Most people are other people. Their thoughts are someone else’s opinions, their lives a mimicry, their passions a quotation. Oscar Wilde
WHEN THIS WORLD CATCHES FIRE
BOOK THREE: SAVAGE NOXTOWN
CHAPTER SEVEN: PART NINE: THE PLAN
Cadger Tandy told Baby Boy Maddox about his dying regrets.
A vag like me has no time for regrets, but when I think back, I’m sorry about only one thing–all the times I failed–to grab for what I could–with both meat hooks—and how I failed to get mine–when opportunity came a-poundin’ on the door. I don’t never think of the narrow squeaks, Boss, no–but only of the wild chances I could of taken and didn’t, and how in so NOT doing it was to be my downfall.
Some Yellofs is crazy you know–or people say they are–only because they see more and feel more and remember more than other folk.
Me, I was a likely lad–I never lived on prayer, peace, sherbet, love and tea, and I always kept the Sabbath–and anything else I could lay my hands on–I never howled in my sleep over guilty deeds–but only for being too sleepy and dull and passing up a sure thing and letting a main chance go drifting by.
But on the whole, I got no squawk to make–only that I should of taken care of the Bully Smash Conklin when I had the chance.
A tiny blue robin’s egg–lying on the grass on the first day of spring–what snake would pass that by?
I thought of Doctor Peter Ketman, and how I might use him to further the plan to get Conklin.

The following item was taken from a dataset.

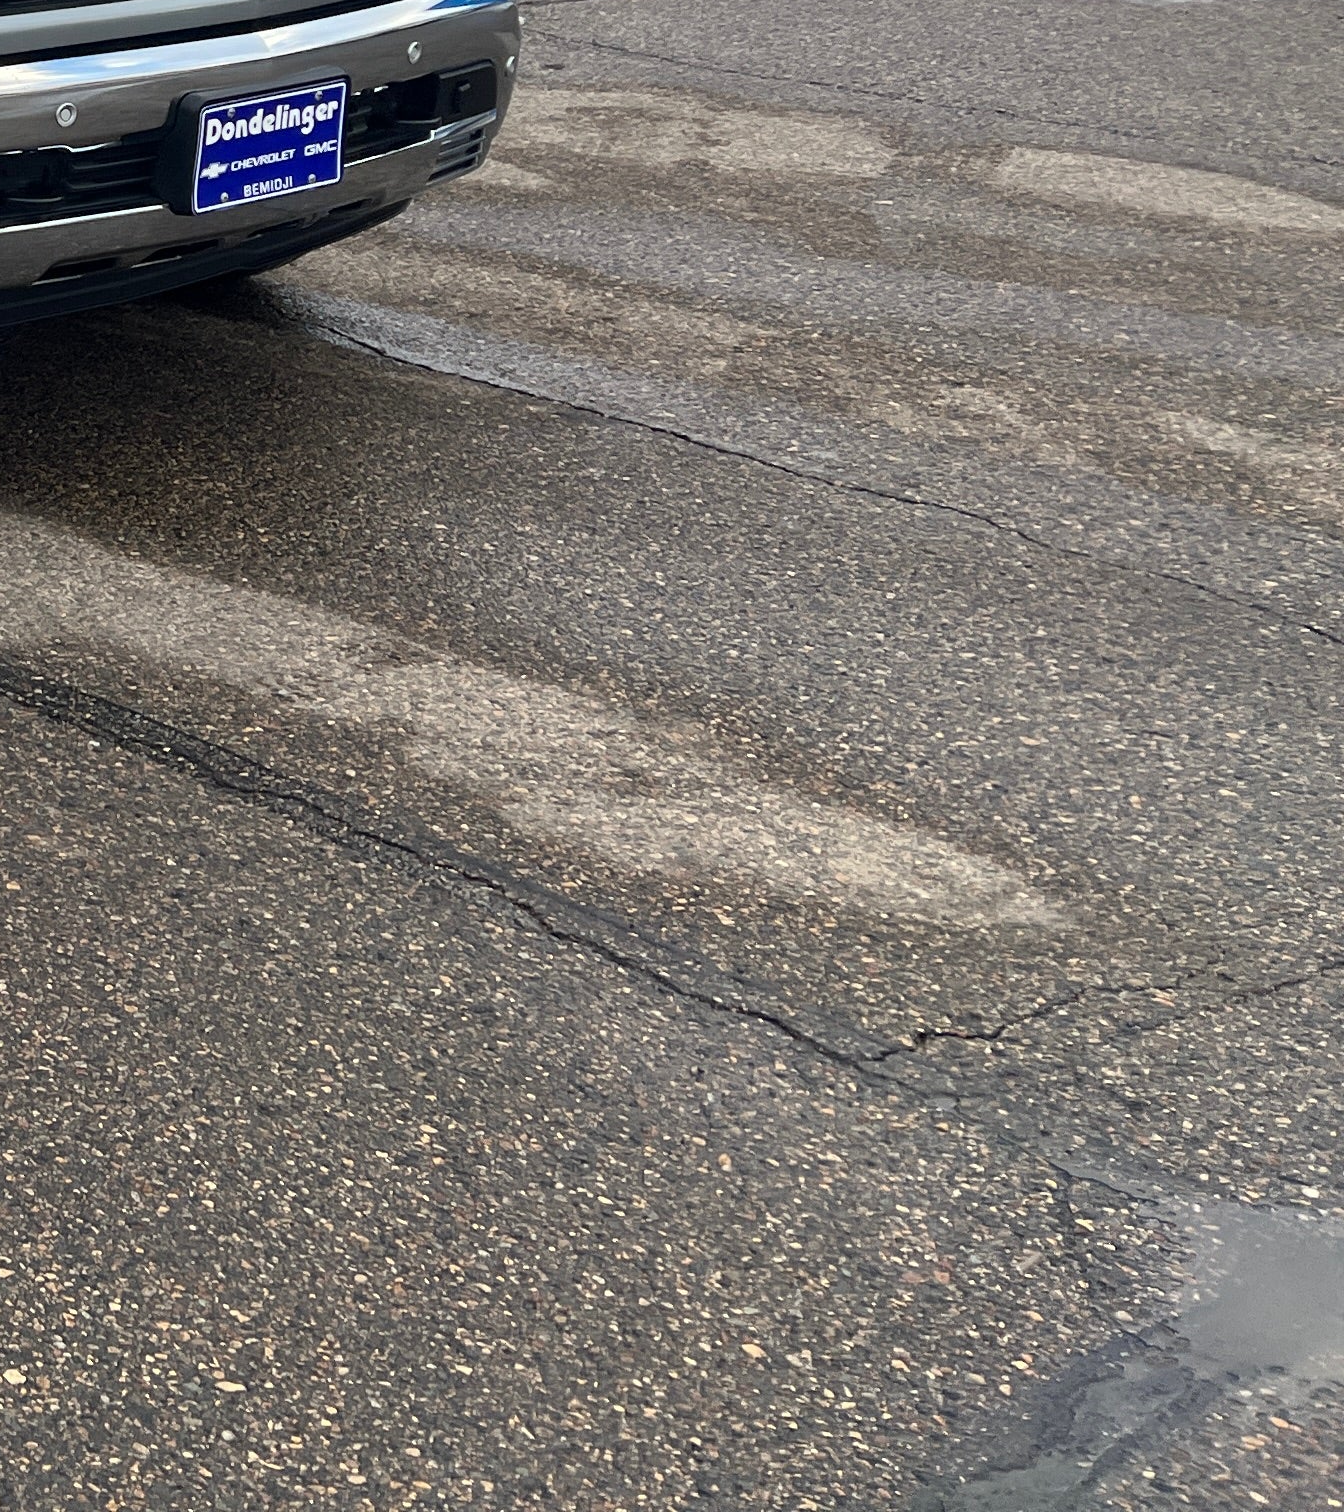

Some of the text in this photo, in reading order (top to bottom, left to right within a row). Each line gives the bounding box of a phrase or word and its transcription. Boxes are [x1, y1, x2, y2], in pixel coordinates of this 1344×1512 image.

[205, 101, 339, 146] Dondelinger
[230, 139, 338, 172] CHEVROLET GMC
[243, 176, 293, 198] BEMIDJI

He was a snake oil peddler as also had the mash for Red Mary. You’d see him at the trade entrance of the Cat House—he was so low down he couldn’t come in through the front door—looking like an agitated savage—mouth wide open–wild eyes–red hair, all ablaze like a burning bush—all the while talking a blue streak, peddlin’ his linaments and suchlike. “What I is got plumb fixes ev-er-thang that ails yuh—Man–ner Beast” was his pitch. Said he was a “Doctor” but he warn’t. But he LOOKED like a doctor. A drunk doctor, gone to seed, holed up in a covered wagon, come to yon Big City ever now and again to look in on the home folk over in Noxtown, but otherwise inclined to make himself scarce.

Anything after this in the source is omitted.